● Provided records
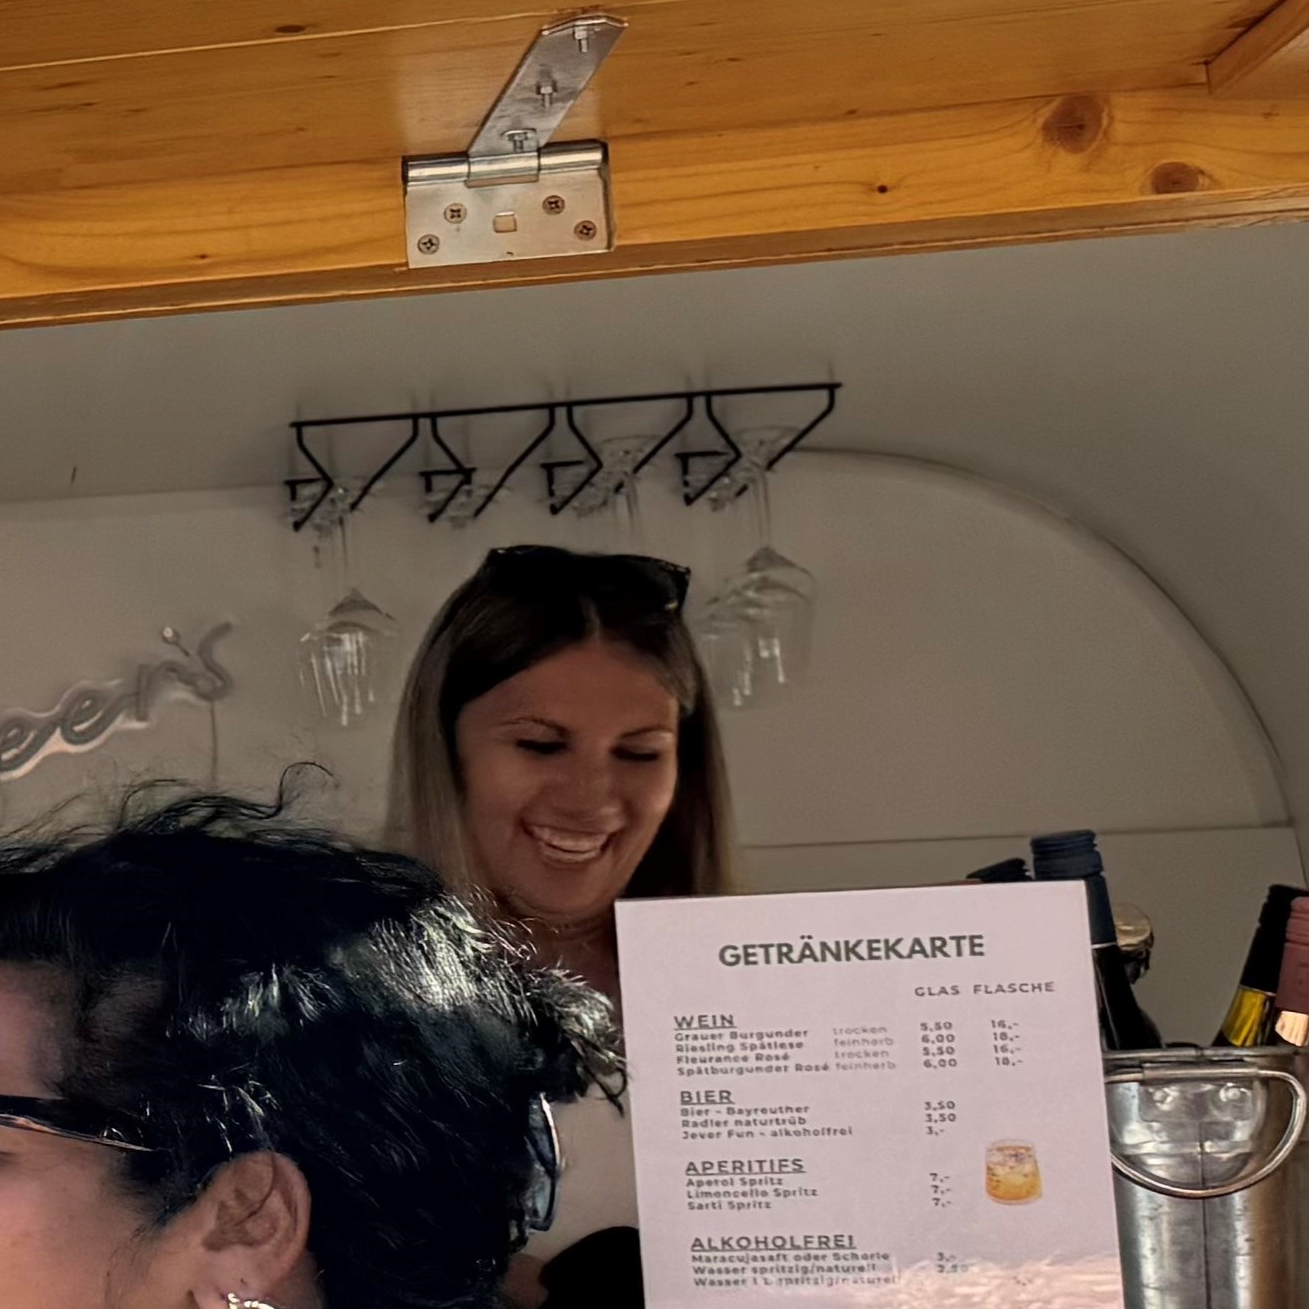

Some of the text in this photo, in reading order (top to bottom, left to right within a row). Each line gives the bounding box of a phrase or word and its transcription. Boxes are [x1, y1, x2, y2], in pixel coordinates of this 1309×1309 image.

[718, 934, 985, 967] GETRÄNKEKARTE
[914, 981, 1055, 997] GLAS FLASCHE
[673, 1014, 736, 1029] WEIN
[674, 1032, 724, 1042] Grauer
[729, 1029, 809, 1041] Burgunder
[832, 1025, 888, 1036] trocken
[675, 1043, 736, 1054] Riesling
[739, 1040, 805, 1052] Spätlese
[833, 1036, 894, 1048] feinherb
[676, 1054, 750, 1065] Fleurance
[754, 1052, 790, 1062] Rosé
[833, 1049, 890, 1060] trocken
[677, 1064, 790, 1077] Spätburgunder
[794, 1062, 831, 1072] Rosé
[834, 1060, 897, 1072] feinherb
[680, 1090, 733, 1104] BIER
[680, 1106, 711, 1117] Bier
[726, 1104, 810, 1117] Bayreuther
[681, 1118, 730, 1128] Radler
[733, 1115, 807, 1127] naturtrüb
[681, 1129, 723, 1140] Jever
[727, 1129, 755, 1139] Fun
[770, 1126, 854, 1137] alkoholfrei
[685, 1158, 805, 1175] APERITIFS
[686, 1177, 734, 1189] Aperol
[739, 1176, 784, 1188] Spritz
[687, 1188, 770, 1199] Limoncello
[773, 1187, 819, 1199] Spritz
[687, 1200, 723, 1211] Sarti
[727, 1199, 772, 1211] Spritz
[690, 1234, 856, 1252] ALKOHOLFREI
[691, 1253, 788, 1264] Maracujasaft
[792, 1252, 828, 1262] oder
[832, 1252, 891, 1262] Schorle
[692, 1265, 746, 1275] Wasser
[693, 1277, 747, 1287] Wasser
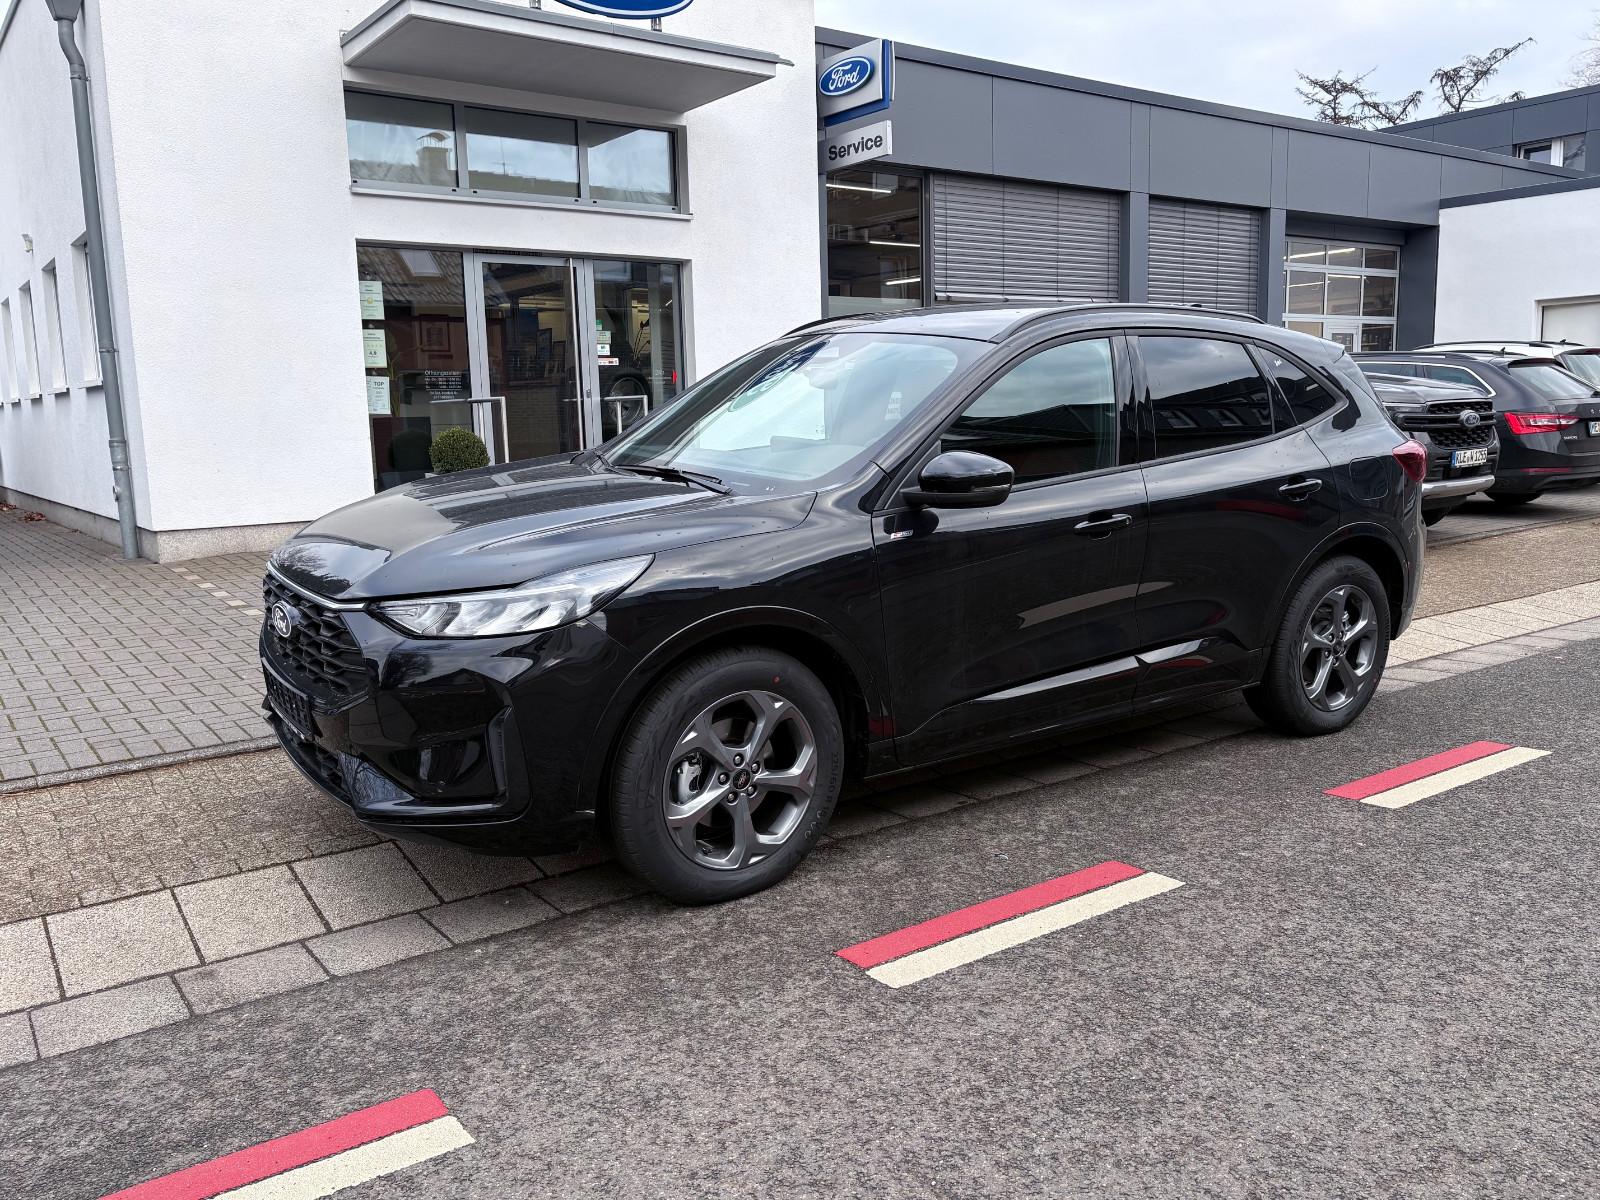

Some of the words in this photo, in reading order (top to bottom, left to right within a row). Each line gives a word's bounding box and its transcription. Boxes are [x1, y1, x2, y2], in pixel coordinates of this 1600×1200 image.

[828, 63, 860, 90] Ford
[828, 135, 883, 161] Service
[1456, 451, 1467, 464] KLE
[275, 608, 287, 633] Ford
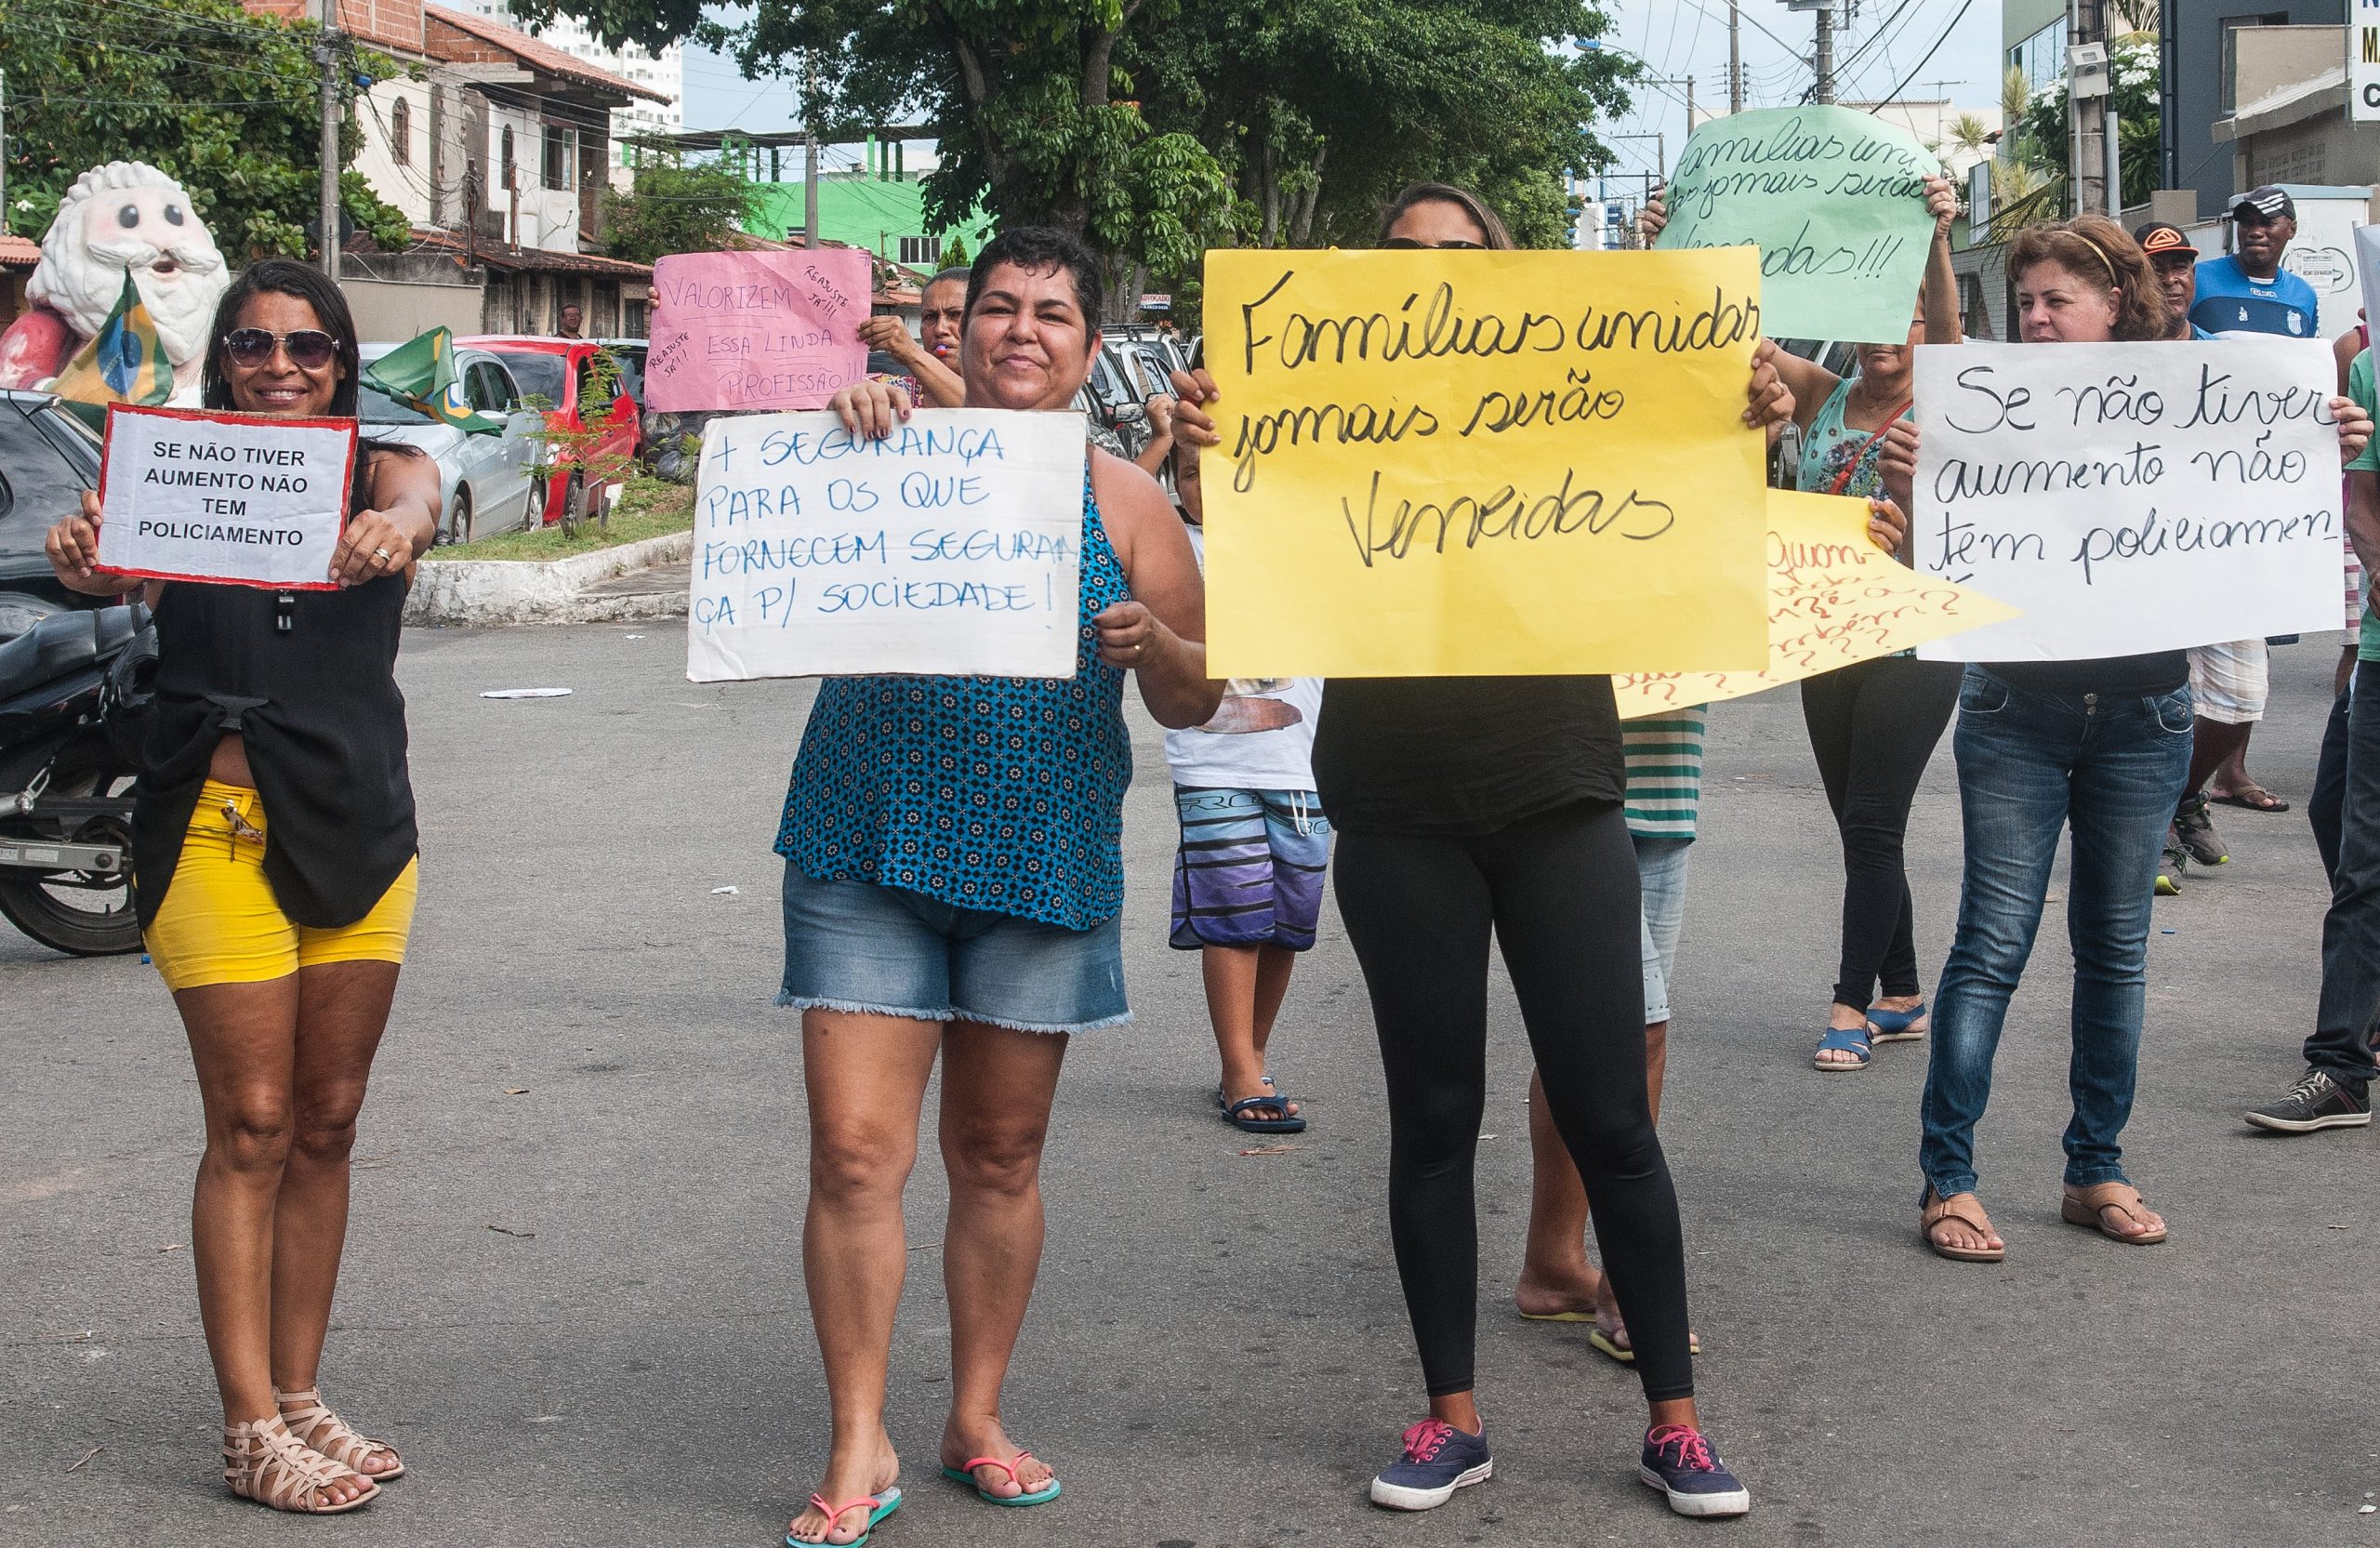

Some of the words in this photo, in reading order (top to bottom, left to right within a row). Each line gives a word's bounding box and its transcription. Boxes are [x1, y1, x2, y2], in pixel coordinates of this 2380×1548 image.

● Description of the task
Leaving out the pictures, print every record exactly as written.

● Answer to the problem
Some of the text in this photo, in reading order (top to bottom, left to right within a row). Each line gives the bounding box of a phrase or word and its transcription. Boxes are [x1, y1, x2, y2], in pixel coordinates of this 1309×1309 image.

[718, 934, 985, 967] GETRÄNKEKARTE
[914, 981, 1055, 997] GLAS FLASCHE
[673, 1014, 736, 1029] WEIN
[674, 1032, 724, 1042] Grauer
[729, 1029, 809, 1041] Burgunder
[832, 1025, 888, 1036] trocken
[675, 1043, 736, 1054] Riesling
[739, 1040, 805, 1052] Spätlese
[833, 1036, 894, 1048] feinherb
[676, 1054, 750, 1065] Fleurance
[754, 1052, 790, 1062] Rosé
[833, 1049, 890, 1060] trocken
[677, 1064, 790, 1077] Spätburgunder
[794, 1062, 831, 1072] Rosé
[834, 1060, 897, 1072] feinherb
[680, 1090, 733, 1104] BIER
[680, 1106, 711, 1117] Bier
[726, 1104, 810, 1117] Bayreuther
[681, 1118, 730, 1128] Radler
[733, 1115, 807, 1127] naturtrüb
[681, 1129, 723, 1140] Jever
[727, 1129, 755, 1139] Fun
[770, 1126, 854, 1137] alkoholfrei
[685, 1158, 805, 1175] APERITIFS
[686, 1177, 734, 1189] Aperol
[739, 1176, 784, 1188] Spritz
[687, 1188, 770, 1199] Limoncello
[773, 1187, 819, 1199] Spritz
[687, 1200, 723, 1211] Sarti
[727, 1199, 772, 1211] Spritz
[690, 1234, 856, 1252] ALKOHOLFREI
[691, 1253, 788, 1264] Maracujasaft
[792, 1252, 828, 1262] oder
[832, 1252, 891, 1262] Schorle
[692, 1265, 746, 1275] Wasser
[693, 1277, 747, 1287] Wasser

Some of the words in this photo, in reading order (top to bottom, left to right within a row). Each line gives a word's bounding box and its transcription. Boxes are [x1, y1, x2, y2], in pixel coordinates of this 1600×1200 image.

[828, 63, 860, 90] Ford
[828, 135, 883, 161] Service
[1456, 451, 1467, 464] KLE
[275, 608, 287, 633] Ford

Some of the words in this photo, in reading order (top to bottom, left to right within a row). Each line gives a word's bounding box and its transcription. Boxes are [x1, y1, x2, y2], in pixel coordinates of this 2380×1548 image.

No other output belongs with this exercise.